ACC.26 Late-Breaking Trials: What Caught My Attention

Rafal Ziecina, Executive Director, Medical Affairs

The American College of Cardiology meeting in Chicago reliably features the field’s most anticipated trial readouts. In some years, the late-breaking data justify the anticipation. ACC.26 was one such year, not due to a single result, but because of what the collective data suggested about the future of cardiovascular medicine. Below, I discuss a few findings from the sessions that warrant further discussion.

LDL Lowering Is Moving Upstream

VESALIUS-CV answered a question that has been quietly building for a few years, which was, does PCSK9 inhibition still matter in patients who don’t yet have a substantial atherosclerotic burden? The results with evolocumab suggest yes. This has real implications for how we think about LDL-C targets and the timing of intervention, not just secondary prevention.

The more immediately practice-shaping story, though, was CORALreef AddOn. Enlicitide is an oral PCSK9 inhibitor, and Phase III data showed robust LDL-C reductions compared with ezetimibe and bempedoic acid. Oral delivery changes the conversation around self‑injection or clinic visits, which remain a key barrier to long‑term persistence in real‑world settings. If these results hold up through regulatory review, I expect both clinicians and sponsors to revisit the role of injectable PCSK9 inhibitors in patients for whom an oral option is available.

RNA-Targeted Therapy Lands in Hypertension

The RNA-targeted therapy was the result I found myself returning to most after the meeting. The Kardinal trial tested tonlamarsen, an antisense oligonucleotide, in patients with uncontrolled hypertension. The mechanism differs from any currently approved blood pressure management therapies. Rather than blocking a receptor or enzyme, it targets gene expression upstream. Phase II data were so striking that the study stood out amid an otherwise crowded program.

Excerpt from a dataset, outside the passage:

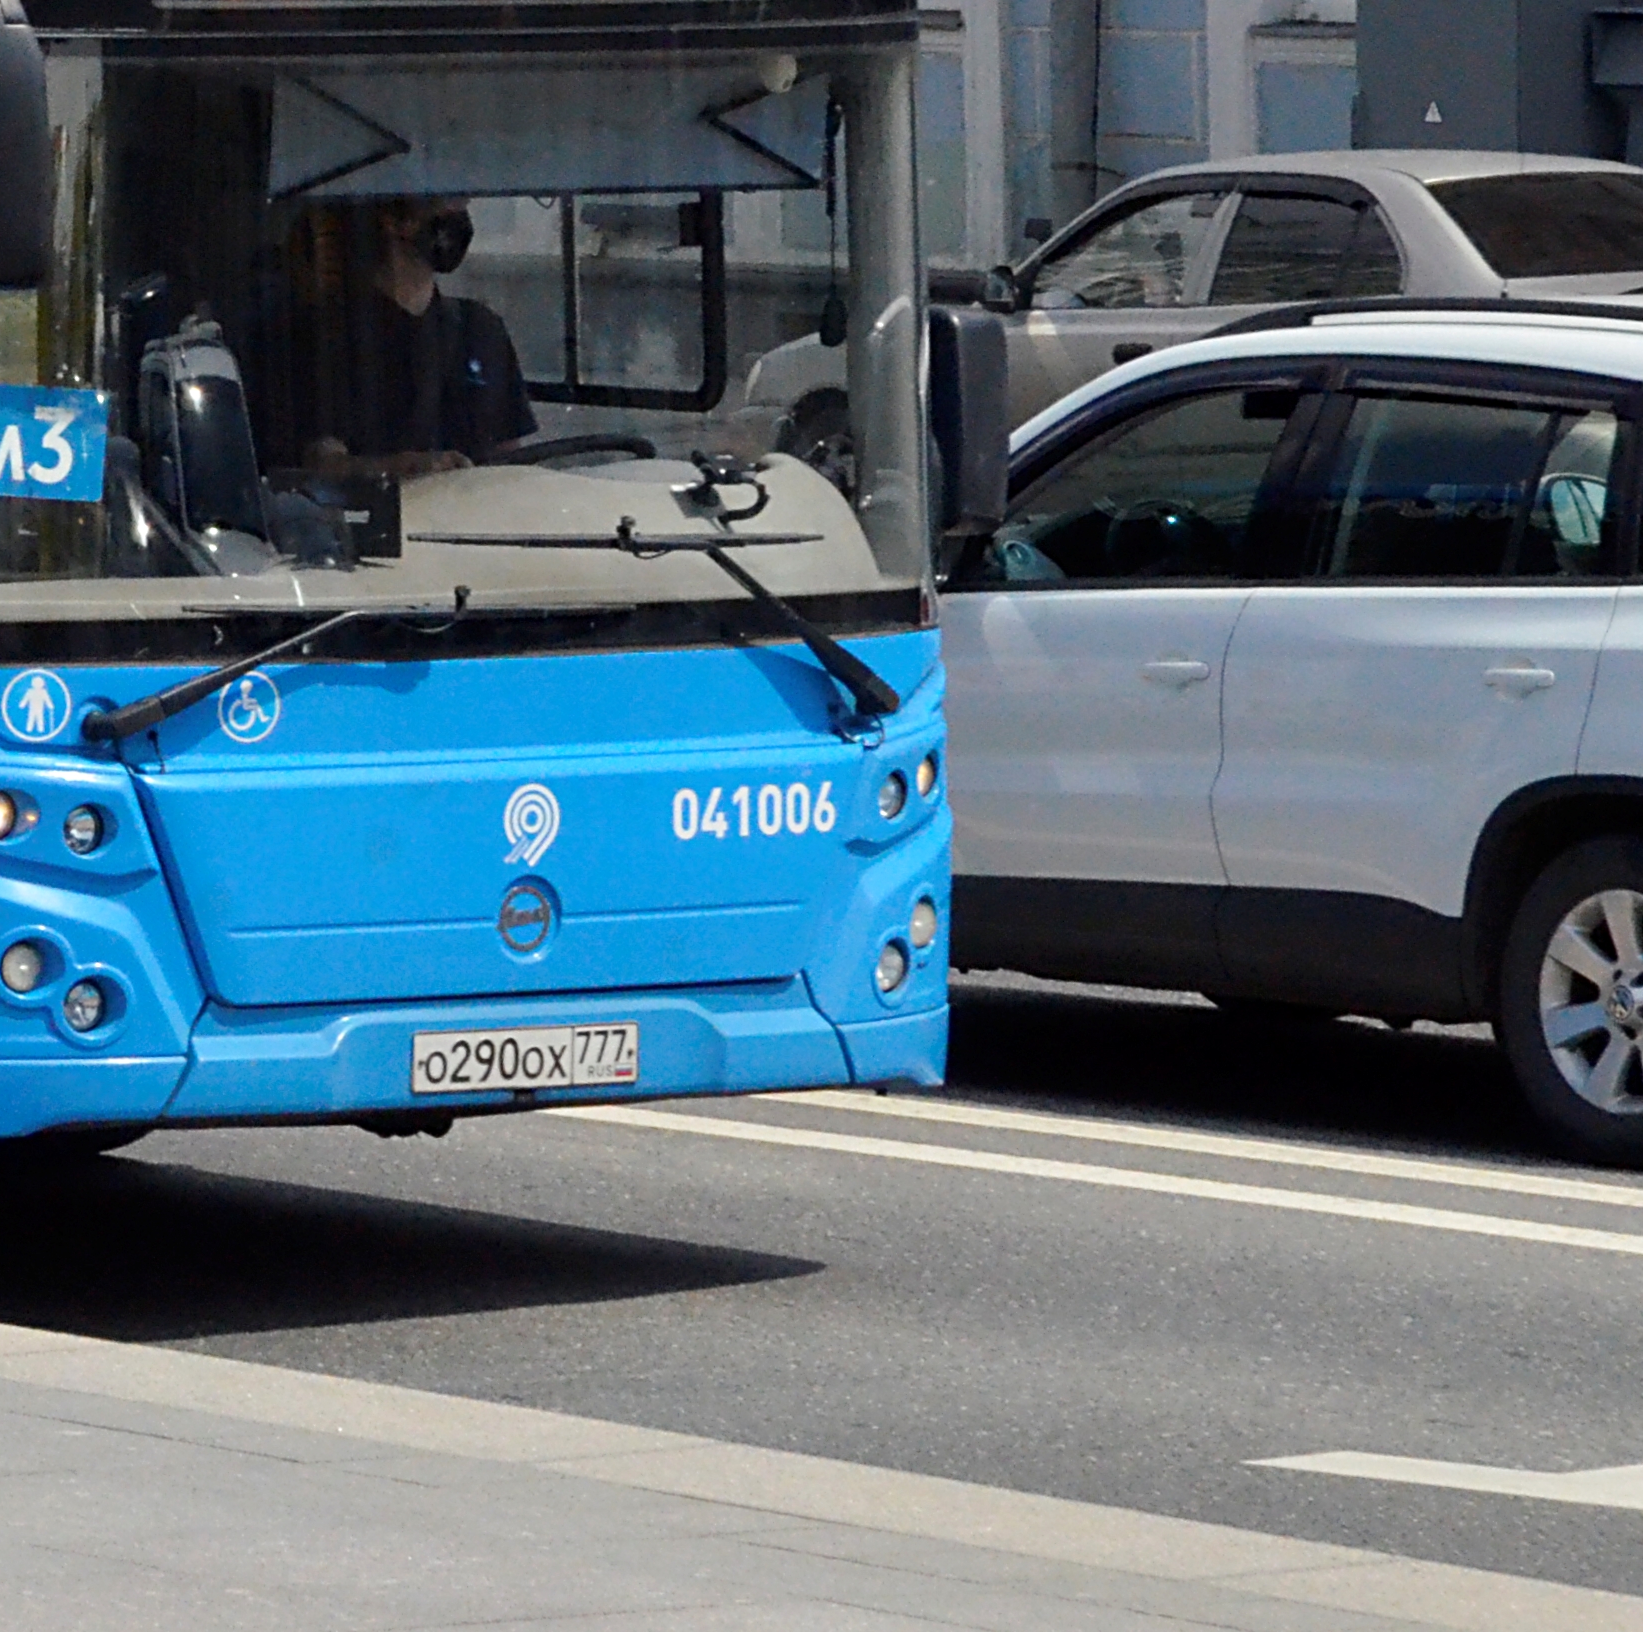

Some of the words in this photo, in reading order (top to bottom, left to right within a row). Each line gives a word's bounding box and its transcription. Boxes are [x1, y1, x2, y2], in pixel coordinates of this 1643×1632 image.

[672, 780, 837, 841] 041006
[575, 1028, 628, 1065] 777
[587, 1064, 615, 1079] RUS

What makes this interesting beyond the efficacy numbers is what it implies about durability and patient segmentation. Modifying RNA rather than competing at the receptor level could, in theory, support longer-lasting effects with less frequent dosing. Whether that translates into a clinical advantage depends on long-term safety data we don’t yet have. But the fact that RNA-based approaches have now reached a condition as prevalent as hypertension, rather than remaining confined to rare monogenic diseases, is a meaningful signal about where this class of therapies is going.

HFpEF Has a Potentially Understood Biology Now

Heart failure with preserved ejection fraction (HFpEF) has frustrated trialists for years. Therapies that work in HFrEF often don’t translate, in part because HFpEF almost certainly encompasses several distinct disease processes under a single diagnostic label.

The CADENCE trial, sotatercept in CpcPH-HFpEF, was, in my view, the most scientifically interesting heart failure result at the meeting. CpcPH-HFpEF sits at the intersection of pulmonary vascular disease and left heart failure, a phenotype in which vascular remodeling drives a substantial portion of the pathophysiology. Sotatercept acts directly on that remodeling pathway, and the Phase II results showed a meaningful signal in this patient population.

The broader implication is that HFpEF is biologically tractable if you define patients by underlying mechanism rather than solely by ejection fraction. Vascular remodeling, systemic inflammation, and metabolic dysfunction are distinct problems that can produce similar hemodynamics. CADENCE won’t settle the question, but it reinforces the case for phenotype-driven trial design in this indication.

What Wasn’t There

There were no late-breaking gene therapy trials, AAV, or CRISPR data in cardiovascular disease. The contrast with RNA-based approaches is notable, and shows that the therapeutic innovation at ACC.26 came from oligonucleotide and biologic modulation, not from genomic editing. That likely reflects where most gene therapy cardiovascular programs sit developmentally rather than any loss of scientific interest. It suggests that RNA-based strategies currently have a clearer near-term path to late-phase development in CV.

What This Means for Sponsors Running Trials in This Space

A few considerations are worth thinking through if you are designing or planning studies in lipid management, hypertension, or heart failure.

On lipid lowering, VESALIUS-CV data will likely prompt questions about earlier intervention thresholds. Trial designs limited to secondary prevention populations may need to justify that boundary more explicitly going forward. On oral PCSK9, real-world adherence and access outcomes will become increasingly important in establishing where these agents fit relative to existing options.

For hypertension programs exploring RNA-based mechanisms, the mechanistic narrative matters both practically and scientifically. Investigators, study teams, and eventually patients will need to understand what an antisense oligonucleotide is doing — and that’s not a trivial communication challenge across a global trial.

In HFpEF, the direction from CADENCE aligns with the field’s movement toward phenotype-defined patient selection and biomarker-anchored endpoints. Protocols enrolling broad HFpEF populations without biological stratification will face increasingly difficult questions from regulators and reviewers.